Correspondencias | Alfredo Loera | @alfredoloeramx

El escritor de literatura es un ser solitario. Él habla con los muertos y con los aún no nacidos. Sus temas para el momento son irrelevantes, de ahí que se pregunte por cuestiones tan fuera de toda proporción práctica como aquella de la naturaleza de lo trágico. Todavía más, ni siquiera puede llegar a una respuesta última. Todo en él es conjetura, todo en él es irrelevancia. Pero, por ello mismo, su presencia en el mundo y sus palabras quedan liberadas. No hay en sus párrafos compromiso alguno, más que con la autenticidad de su indagatoria. Por otra parte, toda indagatoria literaria es multifacética. No se puede hablar de lo trágico, por ejemplo, sin hablar de otros temas, y sin traer de la memoria un sinfín de lecturas y emociones. También ahí se encuentra el gozo. Porque quienes hayan leído a Shakespeare y Stendhal, no me negarán que hay un increíble descubrimiento. Lo mismo pasa con quienes hayan leído Moby Dick.

Es extraordinario, cómo estos escritores albergan en sus obras un parecido, una hermandad. Diré, socarronamente, que los tres son shakesperianos. ¿A qué me refiero con esto? A que los tres elaboran sus tramas trágicas con el mismo método. En este sentido, el único dramaturgo de los tres es el primer eslabón de la cadena: el dueño de El Globo, pero no por eso los otros dos no dejan de ser poetas trágicos. Stendhal, como novelista; Melville, como épico.  Porque es evidente que para ser un trágico no es condición escribir dramaturgia, contrario a lo que muchos académicos creen, a pesar del ensayo de Alfonso Reyes, “Apolo o de la literatura”. 

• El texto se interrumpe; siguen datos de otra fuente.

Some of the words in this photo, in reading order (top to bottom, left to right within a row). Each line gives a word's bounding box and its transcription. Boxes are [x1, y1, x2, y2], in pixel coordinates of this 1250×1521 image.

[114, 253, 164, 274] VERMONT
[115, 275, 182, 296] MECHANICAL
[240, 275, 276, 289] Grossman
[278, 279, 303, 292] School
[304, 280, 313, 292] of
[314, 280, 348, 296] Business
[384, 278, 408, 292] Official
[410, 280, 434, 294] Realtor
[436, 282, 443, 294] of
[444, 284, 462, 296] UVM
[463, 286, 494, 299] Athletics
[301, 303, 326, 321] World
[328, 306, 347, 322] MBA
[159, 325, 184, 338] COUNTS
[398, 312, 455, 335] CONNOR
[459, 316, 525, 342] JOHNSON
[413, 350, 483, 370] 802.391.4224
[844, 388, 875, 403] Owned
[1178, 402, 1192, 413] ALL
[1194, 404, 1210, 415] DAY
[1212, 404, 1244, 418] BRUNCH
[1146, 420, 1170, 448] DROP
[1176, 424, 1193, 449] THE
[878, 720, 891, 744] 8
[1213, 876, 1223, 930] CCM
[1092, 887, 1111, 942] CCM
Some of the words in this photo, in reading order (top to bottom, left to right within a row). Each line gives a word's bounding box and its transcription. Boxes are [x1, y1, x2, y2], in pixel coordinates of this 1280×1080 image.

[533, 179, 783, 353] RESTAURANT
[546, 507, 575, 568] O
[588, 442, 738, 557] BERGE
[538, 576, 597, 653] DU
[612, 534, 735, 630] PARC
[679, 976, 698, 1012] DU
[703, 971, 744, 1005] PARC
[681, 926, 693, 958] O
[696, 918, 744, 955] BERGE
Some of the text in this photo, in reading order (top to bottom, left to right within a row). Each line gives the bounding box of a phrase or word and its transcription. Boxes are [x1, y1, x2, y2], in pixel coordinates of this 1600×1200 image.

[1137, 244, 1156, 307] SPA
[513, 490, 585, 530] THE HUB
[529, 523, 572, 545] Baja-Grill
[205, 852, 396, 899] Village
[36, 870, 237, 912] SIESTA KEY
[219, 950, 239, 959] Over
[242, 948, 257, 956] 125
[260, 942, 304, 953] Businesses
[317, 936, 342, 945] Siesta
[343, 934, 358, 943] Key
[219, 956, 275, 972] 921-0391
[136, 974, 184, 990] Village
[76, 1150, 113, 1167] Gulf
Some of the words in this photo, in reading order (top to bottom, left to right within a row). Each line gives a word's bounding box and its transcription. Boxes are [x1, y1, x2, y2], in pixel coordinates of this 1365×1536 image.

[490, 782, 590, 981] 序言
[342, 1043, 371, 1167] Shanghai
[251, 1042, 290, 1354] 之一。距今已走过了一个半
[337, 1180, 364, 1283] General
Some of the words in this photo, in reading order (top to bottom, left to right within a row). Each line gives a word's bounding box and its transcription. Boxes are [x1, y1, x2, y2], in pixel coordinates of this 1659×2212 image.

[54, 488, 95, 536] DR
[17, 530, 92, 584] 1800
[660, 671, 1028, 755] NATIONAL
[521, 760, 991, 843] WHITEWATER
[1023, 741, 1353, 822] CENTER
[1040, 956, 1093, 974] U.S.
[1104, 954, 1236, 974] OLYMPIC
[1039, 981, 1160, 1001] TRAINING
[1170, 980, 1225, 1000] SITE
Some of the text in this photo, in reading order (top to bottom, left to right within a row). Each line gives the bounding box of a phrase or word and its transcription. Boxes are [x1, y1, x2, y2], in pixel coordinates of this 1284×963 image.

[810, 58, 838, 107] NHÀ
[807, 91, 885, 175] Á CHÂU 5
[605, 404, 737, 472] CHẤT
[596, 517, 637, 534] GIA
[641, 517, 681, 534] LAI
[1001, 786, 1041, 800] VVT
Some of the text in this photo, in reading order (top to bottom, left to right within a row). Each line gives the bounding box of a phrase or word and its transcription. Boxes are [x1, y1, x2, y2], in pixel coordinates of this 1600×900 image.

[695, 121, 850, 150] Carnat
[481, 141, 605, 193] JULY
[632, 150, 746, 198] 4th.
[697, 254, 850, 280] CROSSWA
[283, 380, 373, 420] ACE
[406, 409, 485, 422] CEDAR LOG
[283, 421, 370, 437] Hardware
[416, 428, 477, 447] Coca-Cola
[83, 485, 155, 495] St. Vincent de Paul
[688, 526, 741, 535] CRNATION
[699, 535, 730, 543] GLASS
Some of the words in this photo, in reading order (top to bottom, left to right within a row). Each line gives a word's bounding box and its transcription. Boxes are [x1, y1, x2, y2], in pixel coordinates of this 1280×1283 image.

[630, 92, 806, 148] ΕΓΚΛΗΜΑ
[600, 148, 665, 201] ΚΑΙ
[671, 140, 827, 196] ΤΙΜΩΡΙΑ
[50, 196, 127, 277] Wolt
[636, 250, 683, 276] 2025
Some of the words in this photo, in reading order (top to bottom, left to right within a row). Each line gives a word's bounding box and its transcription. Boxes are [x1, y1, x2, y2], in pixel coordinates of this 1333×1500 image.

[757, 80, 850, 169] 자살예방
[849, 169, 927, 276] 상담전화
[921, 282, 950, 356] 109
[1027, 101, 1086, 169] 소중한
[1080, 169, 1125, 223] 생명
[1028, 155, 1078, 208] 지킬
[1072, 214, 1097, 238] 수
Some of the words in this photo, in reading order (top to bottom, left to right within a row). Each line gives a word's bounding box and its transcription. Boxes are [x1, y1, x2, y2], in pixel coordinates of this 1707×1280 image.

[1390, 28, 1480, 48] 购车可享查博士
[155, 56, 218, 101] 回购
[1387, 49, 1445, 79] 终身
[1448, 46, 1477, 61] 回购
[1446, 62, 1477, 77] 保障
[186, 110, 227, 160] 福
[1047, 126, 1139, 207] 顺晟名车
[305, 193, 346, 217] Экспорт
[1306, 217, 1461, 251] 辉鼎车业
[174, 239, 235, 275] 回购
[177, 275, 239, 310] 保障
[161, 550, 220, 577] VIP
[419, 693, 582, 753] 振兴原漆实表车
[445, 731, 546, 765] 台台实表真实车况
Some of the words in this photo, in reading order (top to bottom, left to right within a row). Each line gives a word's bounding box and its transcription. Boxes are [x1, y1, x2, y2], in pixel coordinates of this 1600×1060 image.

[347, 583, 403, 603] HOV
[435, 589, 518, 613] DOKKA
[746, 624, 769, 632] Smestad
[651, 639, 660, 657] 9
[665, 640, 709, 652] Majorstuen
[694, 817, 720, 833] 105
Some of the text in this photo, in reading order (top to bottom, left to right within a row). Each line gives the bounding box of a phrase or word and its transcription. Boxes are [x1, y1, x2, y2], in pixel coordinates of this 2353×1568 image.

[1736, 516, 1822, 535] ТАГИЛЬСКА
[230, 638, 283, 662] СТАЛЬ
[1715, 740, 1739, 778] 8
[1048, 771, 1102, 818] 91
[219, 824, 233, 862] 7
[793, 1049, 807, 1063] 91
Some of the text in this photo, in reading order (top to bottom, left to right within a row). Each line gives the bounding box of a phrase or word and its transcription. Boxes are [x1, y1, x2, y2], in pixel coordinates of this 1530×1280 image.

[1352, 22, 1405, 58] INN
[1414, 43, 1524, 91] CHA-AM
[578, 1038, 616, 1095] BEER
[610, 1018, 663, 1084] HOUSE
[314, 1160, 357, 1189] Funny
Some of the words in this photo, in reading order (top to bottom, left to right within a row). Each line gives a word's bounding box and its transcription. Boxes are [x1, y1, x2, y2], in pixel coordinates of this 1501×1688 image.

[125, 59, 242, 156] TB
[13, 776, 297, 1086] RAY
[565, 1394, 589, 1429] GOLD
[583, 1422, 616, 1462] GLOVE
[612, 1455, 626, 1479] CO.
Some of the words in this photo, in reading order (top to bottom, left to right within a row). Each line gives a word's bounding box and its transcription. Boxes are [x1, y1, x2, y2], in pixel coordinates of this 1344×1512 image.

Lo trágico sobrepasa los géneros, como bien lo decía Schiller. Lo mismo sucede con la satírico, lo elegiaco, lo cómico. No obstante, es verdad que Shakespeare modificó para siempre la tragedia en relación con la forma griega. El griego poseía, como contrapunto del héroe, a los dioses, en muchas ocasiones representados como el Destino. Para el héroe trágico griego el contrapunto era lo divino, la norma impuesta por los dioses olímpicos; que por cierto, Aristóteles tradujo, en su pensamiento filosófico, como la fronesis, es decir, la proporción. Todo acto desesperado es en sí desesperado (no ético) porque está fuera de la proporción de su objetivo, ya sea por exceso de bravura o cobardía, de celos o amor, de soberbia o humildad. Todas ellas, como ya lo habrás distinguido, estimado lector, son las pasiones humanas. El trágico griego cae, en el sentido rilkeano de la palabra, porque se deja embargar por ellas en su afirmación de lo humano, como una especie de deslinde con los dioses. Sin embargo, para el tiempo de Shakespeare, lo divino ya estaba completamente desdibujado.   El escritor trágico al hacer referencia a los dioses se topaba con algo estéril. De ahí que George Steiner se preguntara por la naturaleza de lo trágico moderno en su libro La muerte de la tragedia. No sé si fue él el primero en advertirlo, pero el crítico inglés afirma que el autor de Hamlet revivió la tragedia al desligarla de lo divino y anclarla en lo completamente humano.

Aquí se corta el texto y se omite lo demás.